WHAT YOU ARE ASKED TO DO
Please reproduce the entries below exactly, leaving the pictures out.

Referring expression grounding data

*-*-*

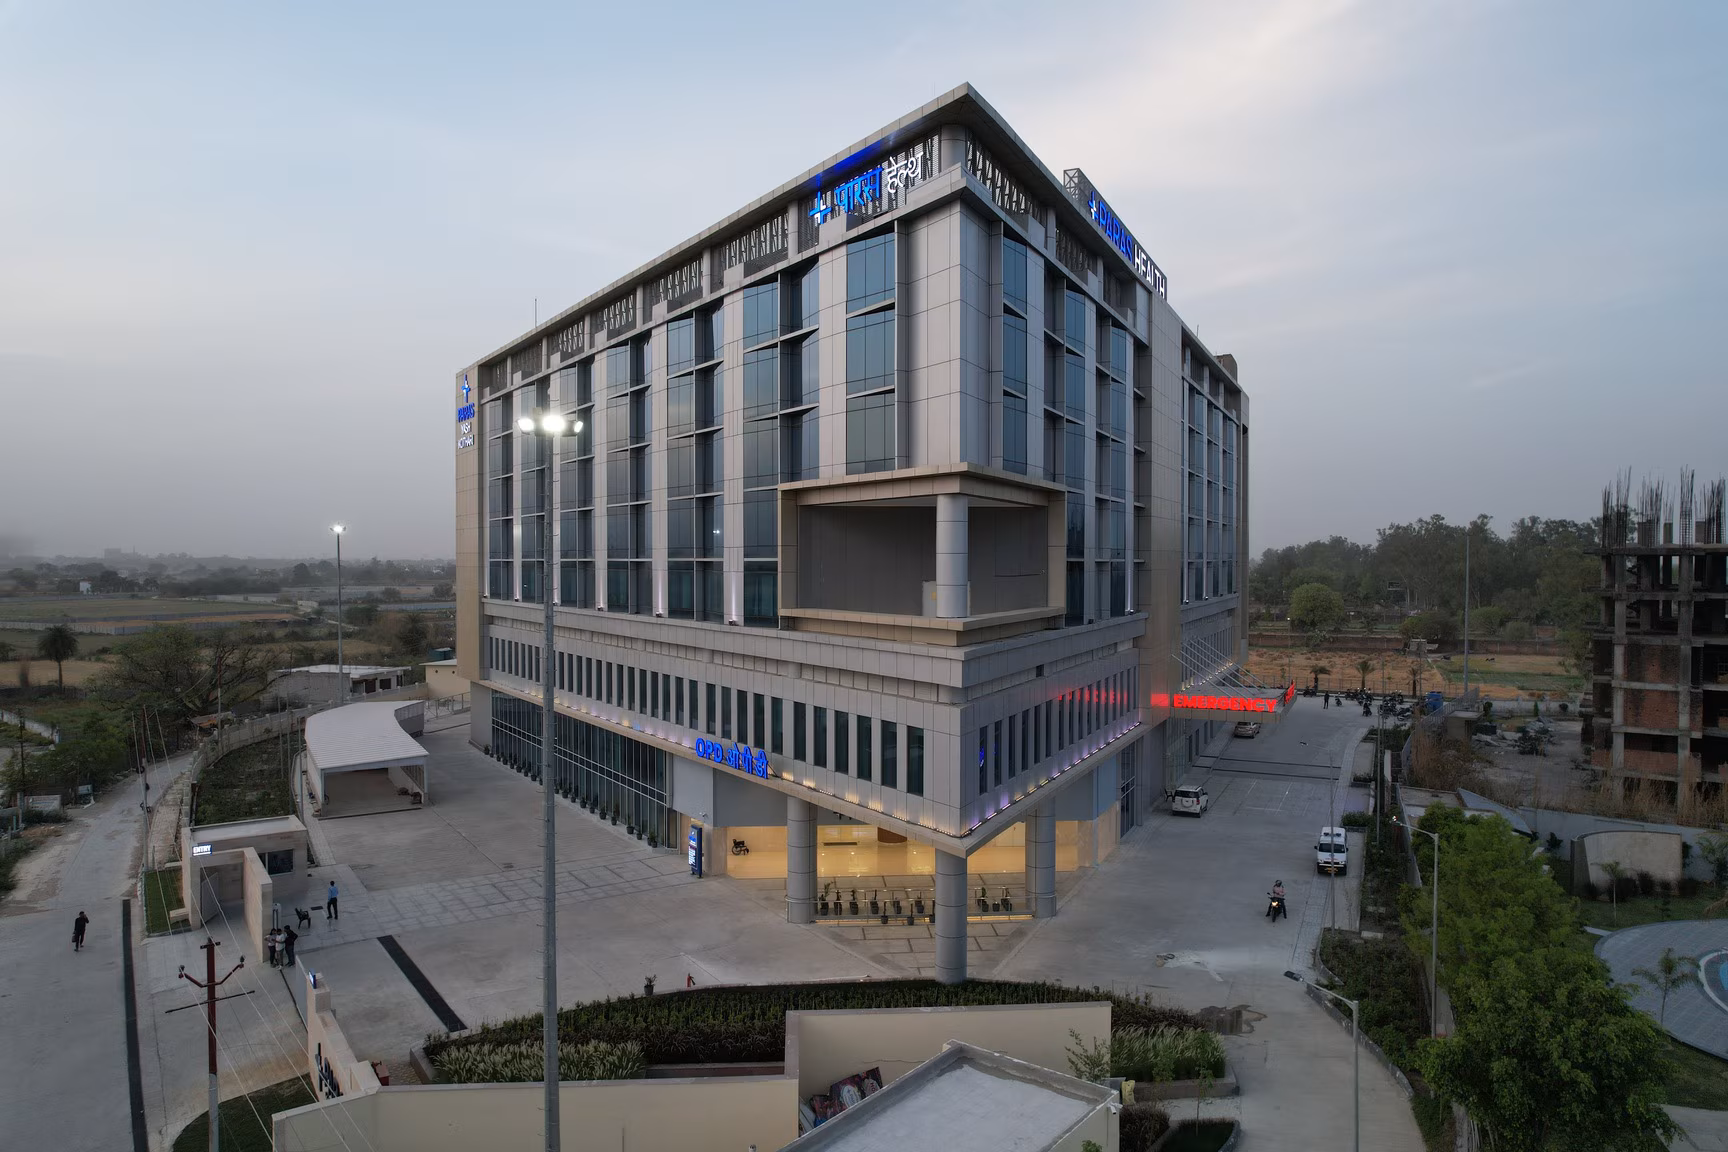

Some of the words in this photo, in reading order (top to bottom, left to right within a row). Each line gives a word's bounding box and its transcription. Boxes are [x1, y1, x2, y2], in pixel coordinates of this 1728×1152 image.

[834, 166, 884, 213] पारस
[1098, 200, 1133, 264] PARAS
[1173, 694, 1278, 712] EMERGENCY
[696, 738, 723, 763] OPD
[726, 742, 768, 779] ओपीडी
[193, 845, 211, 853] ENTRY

*-*-*

REPLY
Some of the words in this photo, in reading order (top to bottom, left to right within a row). Each line gives a word's bounding box and its transcription. Boxes are [x1, y1, x2, y2], in pixel coordinates of this 1728×1152 image.

[834, 166, 884, 213] पारस
[1098, 200, 1133, 264] PARAS
[1173, 694, 1278, 712] EMERGENCY
[696, 738, 723, 763] OPD
[726, 742, 768, 779] ओपीडी
[193, 845, 211, 853] ENTRY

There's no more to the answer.